Dactylomancy, from the Greek word for finger, is a term used by proponents to define a form of divination using rings.

== Modern dactylomancy ==

In some traditions of dactylomancy, a ring is suspended like a pendulum above a surface that is marked with letters or symbols. The direction of the swing indicates which symbols are to be consulted, or which letter are to be formed into a message, in answer to a specific question. Another tradition follows the same pattern as Séance table-rapping. In it a ring is suspended from a tumbler so that it may touch the sides if swung and a code is agreed upon (e.g., 1 for yes, 2 for no). A question is then posed and the number of the times that the ring strikes the side of the tumbler is interpreted as being an answer.
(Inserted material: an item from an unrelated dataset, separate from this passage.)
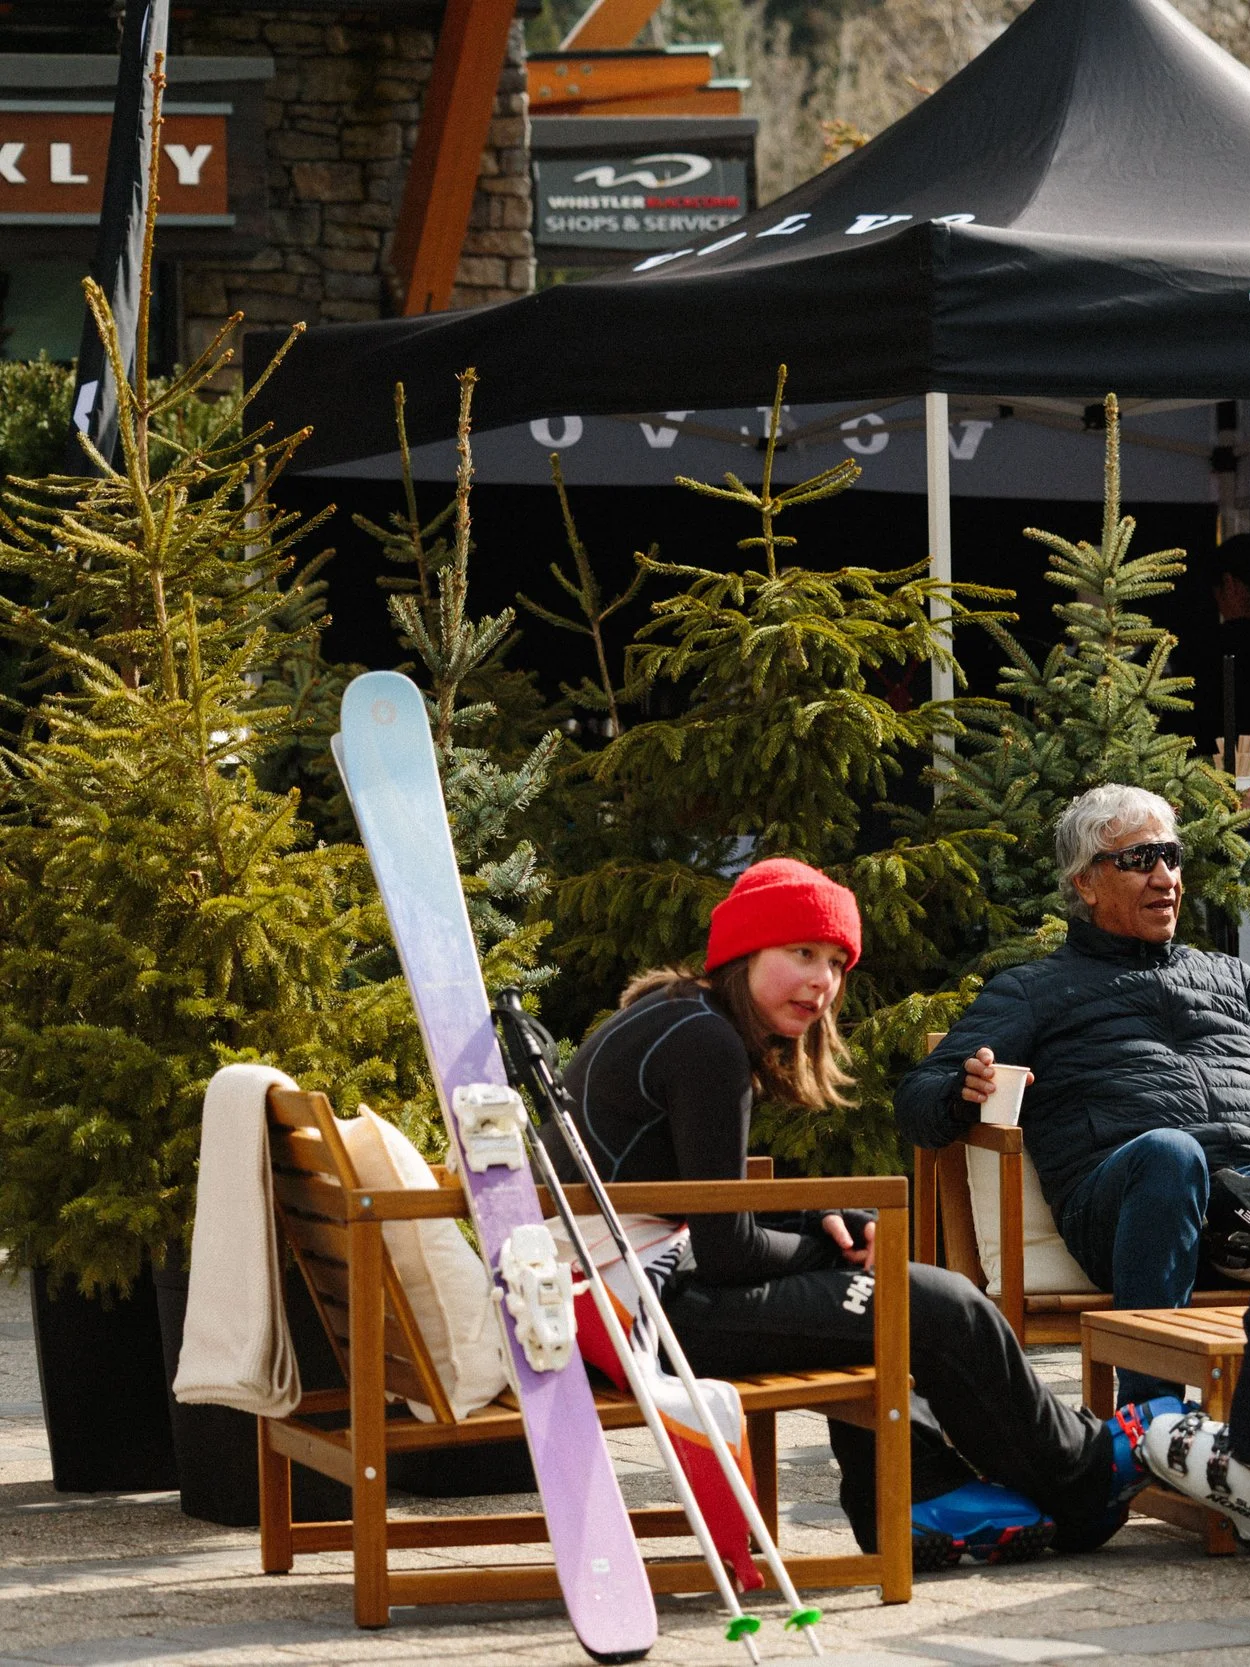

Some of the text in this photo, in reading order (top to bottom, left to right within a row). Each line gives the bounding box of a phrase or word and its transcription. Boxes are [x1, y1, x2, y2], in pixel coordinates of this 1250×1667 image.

[0, 143, 213, 185] KLY
[545, 214, 620, 233] SHOPS
[622, 214, 640, 232] &
== Historic dactylomancy ==

A more complex form of dactylomancy was practiced in Europe during the Middle Ages in which a ring was suspended above a circular table marked with the symbols of the zodiac. 78 metal discs inscribed with a letter of the alphabet (three discs per letter) were then placed on the table and the thread holding the ring was burnt. The letters that the ring rolled across and the one on which it halted were then consulted to form the answer to the question being divined. In this tradition, the metal from which the ring was made was determined by the day of the week.

- Monday - Silver, to represent the moon
- Tuesday - Iron, to represent Mars
- Wednesday - Tin/lead, to represent Mercury
- Thursday - Tin, to represent Jupiter
- Friday - Copper, to represent Venus
- Saturday - Lead, to represent Saturn
- Sunday - Gold, to represent the sun

According to Diderot, the person who held the ring was typically dressed from head to toe in only a sheet of cloth; his head was shaved in a circular manner, and he held verbena in his hands.

Modern dactylomancy is usually associated with spiritualism and new age beliefs, rather Parapsychology.